(Saved entries)
§
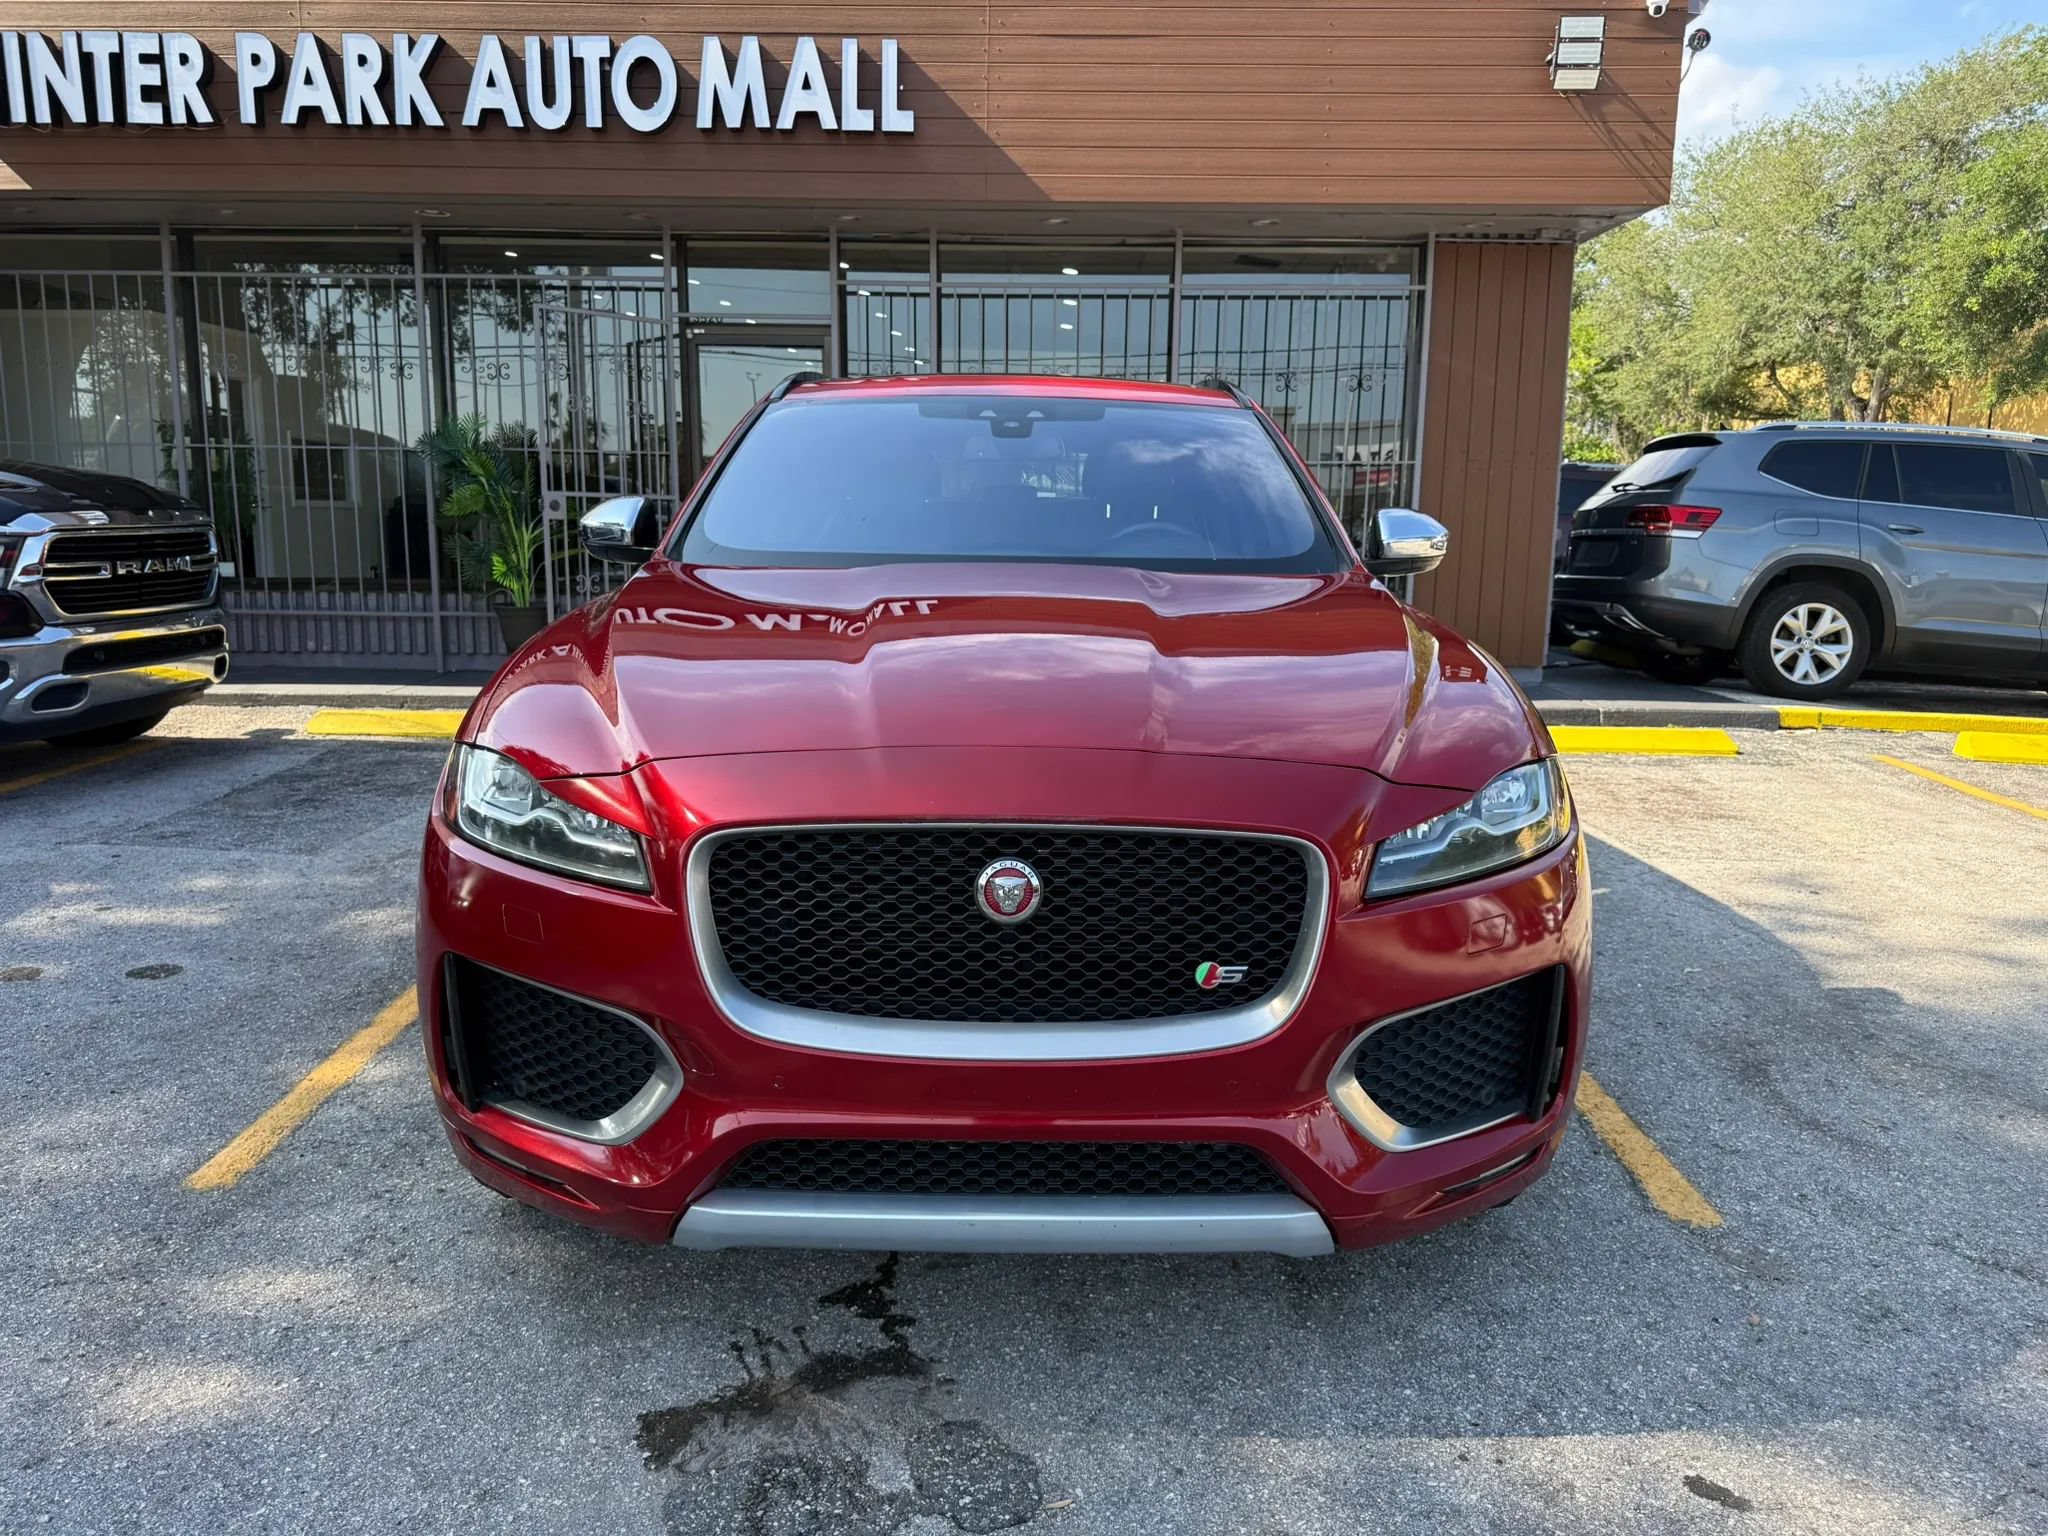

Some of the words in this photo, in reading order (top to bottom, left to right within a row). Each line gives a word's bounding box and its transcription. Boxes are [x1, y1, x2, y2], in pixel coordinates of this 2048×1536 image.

[0, 30, 214, 125] INTER
[235, 32, 444, 127] PARK
[462, 35, 677, 132] AUTO
[696, 36, 914, 133] MALL
[117, 555, 192, 574] RAM
[984, 861, 1035, 880] JAGUAR
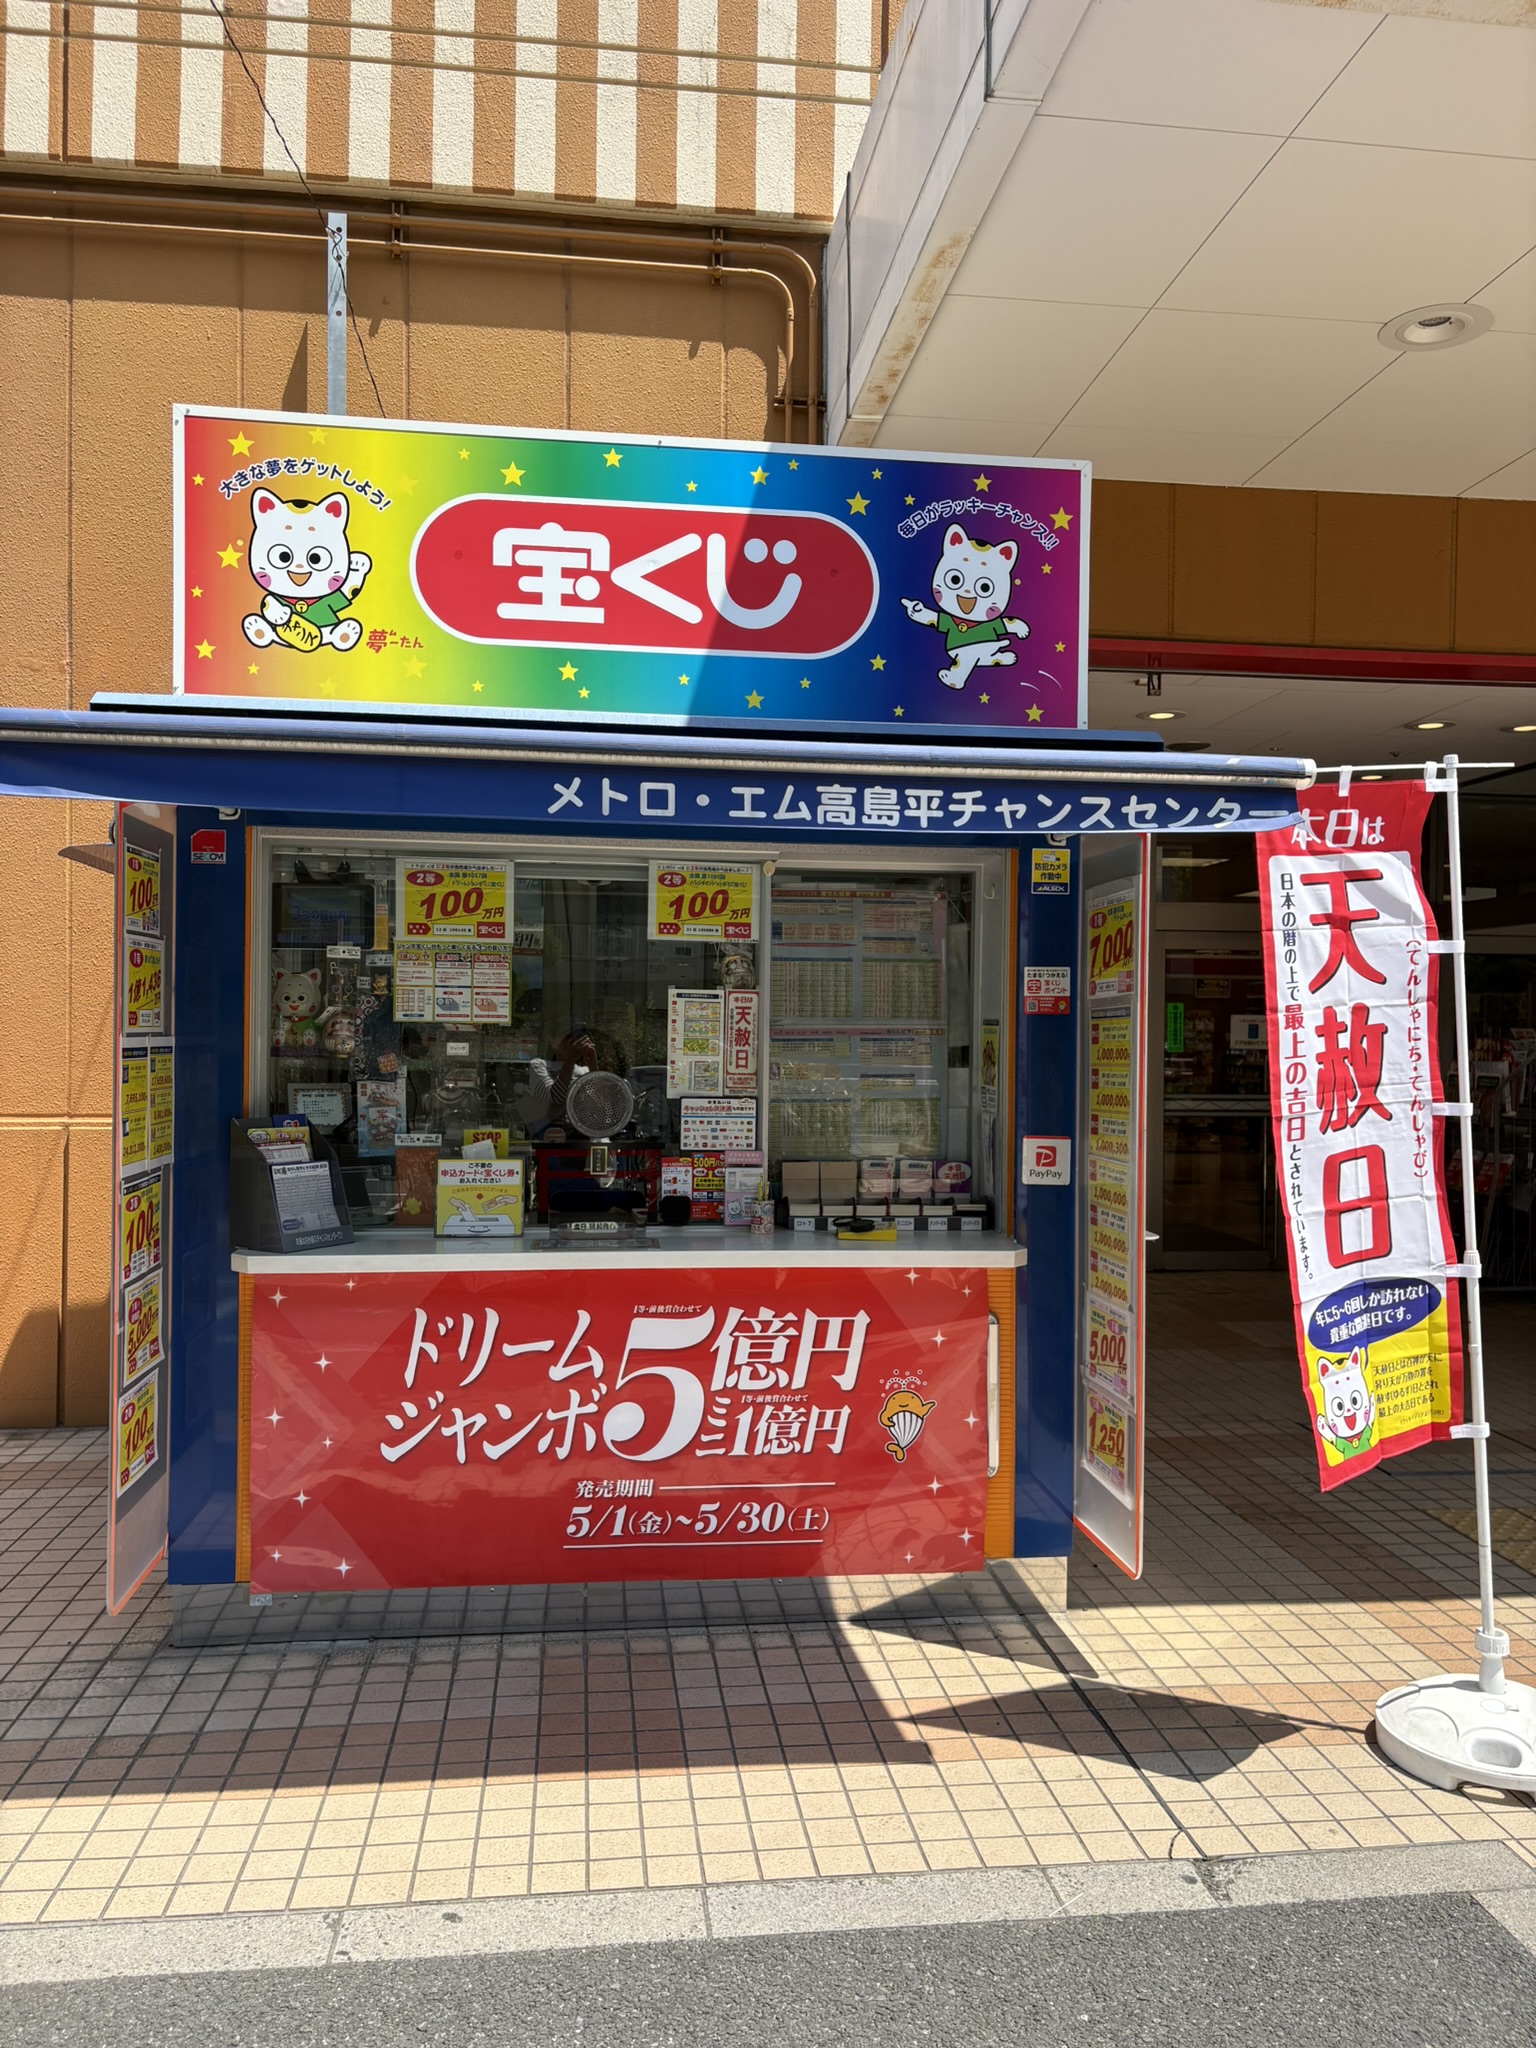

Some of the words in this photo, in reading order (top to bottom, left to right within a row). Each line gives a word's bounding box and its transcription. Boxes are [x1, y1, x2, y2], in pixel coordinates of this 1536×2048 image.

[492, 521, 803, 630] 宝くじ
[546, 776, 1290, 832] メトロ・エム高島平チャンスセンター
[1291, 808, 1385, 849] 本日は
[192, 853, 224, 861] SECOM
[1034, 863, 1068, 871] 防犯カメラ
[1040, 872, 1062, 880] 作動中
[479, 925, 504, 934] 宝くじ
[726, 926, 750, 935] 宝くじ
[734, 1006, 752, 1069] 天赦日
[1279, 872, 1314, 1280] 日本の暦の上で最上の吉日とされています。
[1300, 868, 1393, 1269] 天赦日
[1029, 1169, 1063, 1179] PayPay
[1329, 1307, 1413, 1344] 貴重な開運日です。
[404, 1307, 604, 1389] ドリーム
[1089, 1330, 1126, 1365] 5,000
[602, 1305, 872, 1462] 5億円
[380, 1382, 608, 1464] ジャンボ
[1088, 1411, 1125, 1458] 1,250
[574, 1478, 654, 1499] 発売期間
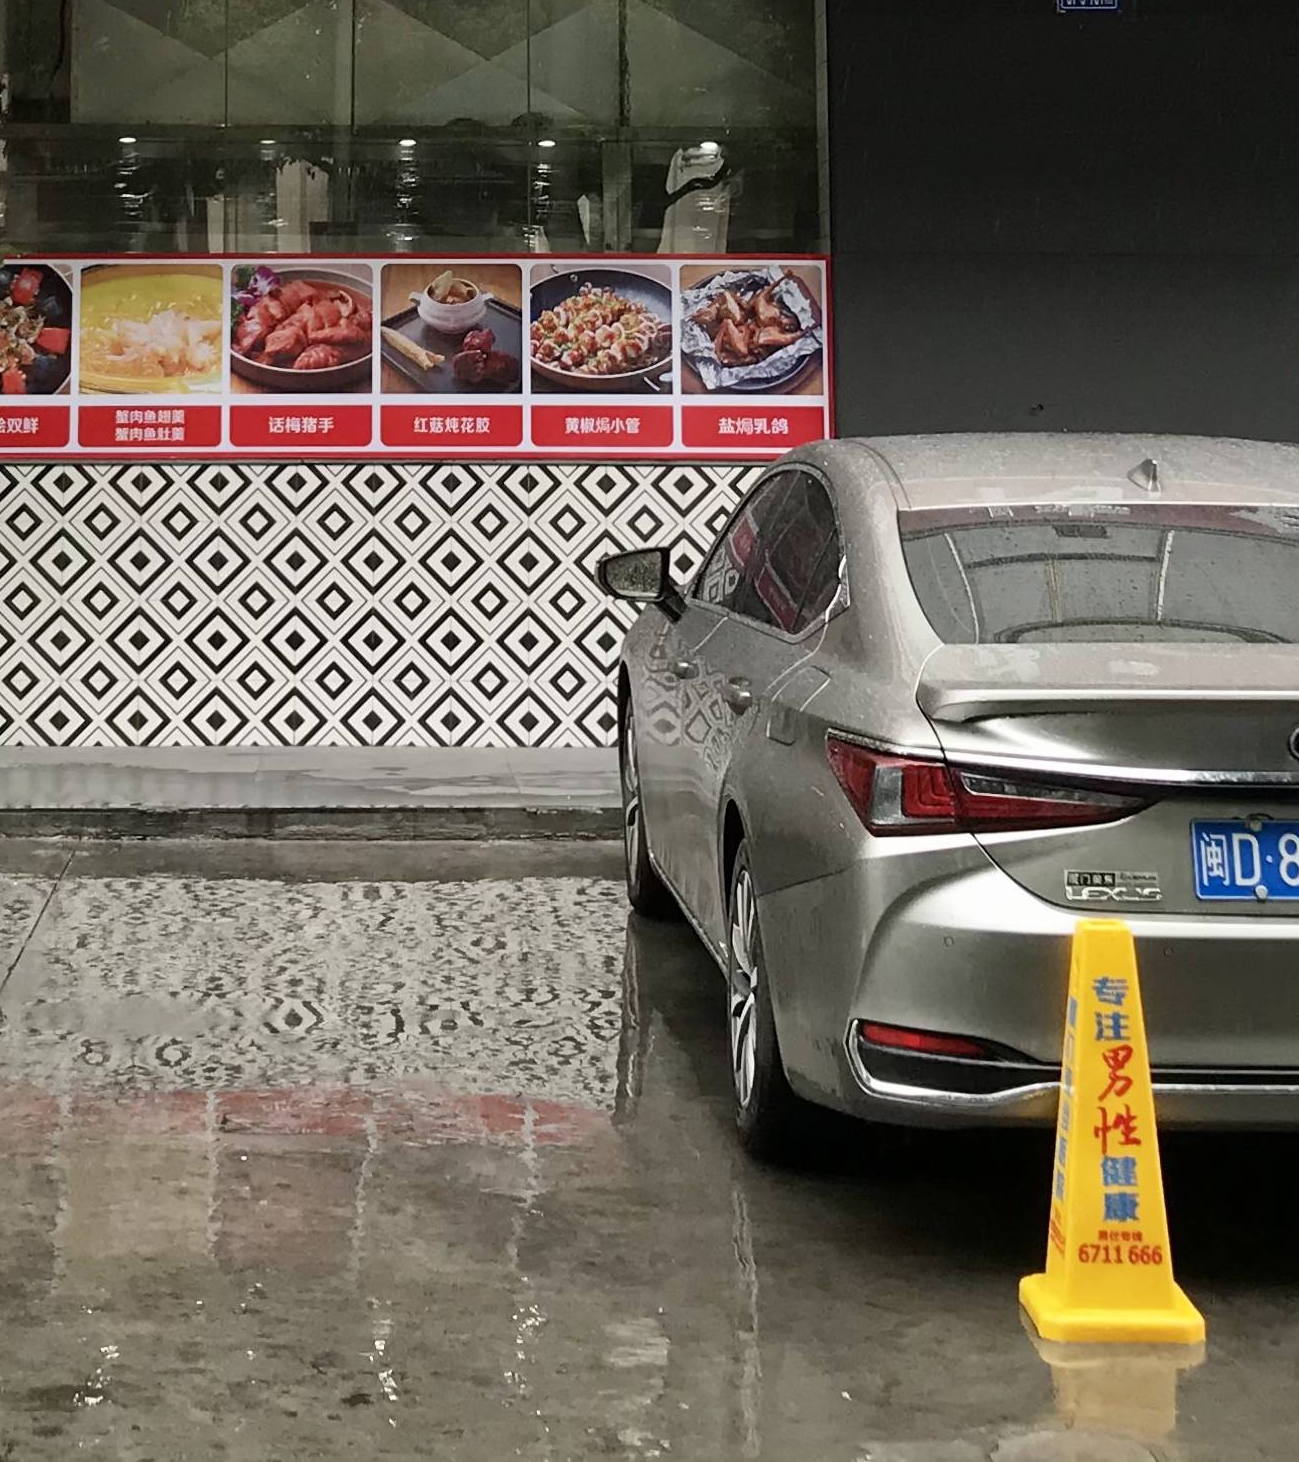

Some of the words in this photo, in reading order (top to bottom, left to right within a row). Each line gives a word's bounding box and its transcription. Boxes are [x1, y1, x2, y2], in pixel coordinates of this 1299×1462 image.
§
Task instructions: Transcribe all the lines above exactly; any image among them is skipped.

Problem solution:
Some of the words in this photo, in reading order (top to bottom, left to right within a row). Each line gives a word's bounding box and its transcription. Boxes are [x1, y1, x2, y2], in pixel coordinates of this 2048×1536 image.

[0, 30, 214, 125] INTER
[235, 32, 444, 127] PARK
[462, 35, 677, 132] AUTO
[696, 36, 914, 133] MALL
[117, 555, 192, 574] RAM
[984, 861, 1035, 880] JAGUAR

Some of the words in this photo, in reading order (top to bottom, left to right within a row). Each line gives a word's bounding box and its transcription. Boxes are [x1, y1, x2, y2], in pixel coordinates of this 1536×2048 image.

[492, 521, 803, 630] 宝くじ
[546, 776, 1290, 832] メトロ・エム高島平チャンスセンター
[1291, 808, 1385, 849] 本日は
[192, 853, 224, 861] SECOM
[1034, 863, 1068, 871] 防犯カメラ
[1040, 872, 1062, 880] 作動中
[479, 925, 504, 934] 宝くじ
[726, 926, 750, 935] 宝くじ
[734, 1006, 752, 1069] 天赦日
[1279, 872, 1314, 1280] 日本の暦の上で最上の吉日とされています。
[1300, 868, 1393, 1269] 天赦日
[1029, 1169, 1063, 1179] PayPay
[1329, 1307, 1413, 1344] 貴重な開運日です。
[404, 1307, 604, 1389] ドリーム
[1089, 1330, 1126, 1365] 5,000
[602, 1305, 872, 1462] 5億円
[380, 1382, 608, 1464] ジャンボ
[1088, 1411, 1125, 1458] 1,250
[574, 1478, 654, 1499] 発売期間

Some of the words in this photo, in reading order (top to bottom, left to right within a row). Each line gives a word's bounding box and its transcription. Boxes are [x1, y1, x2, y2], in pixel coordinates of this 1299×1462 image.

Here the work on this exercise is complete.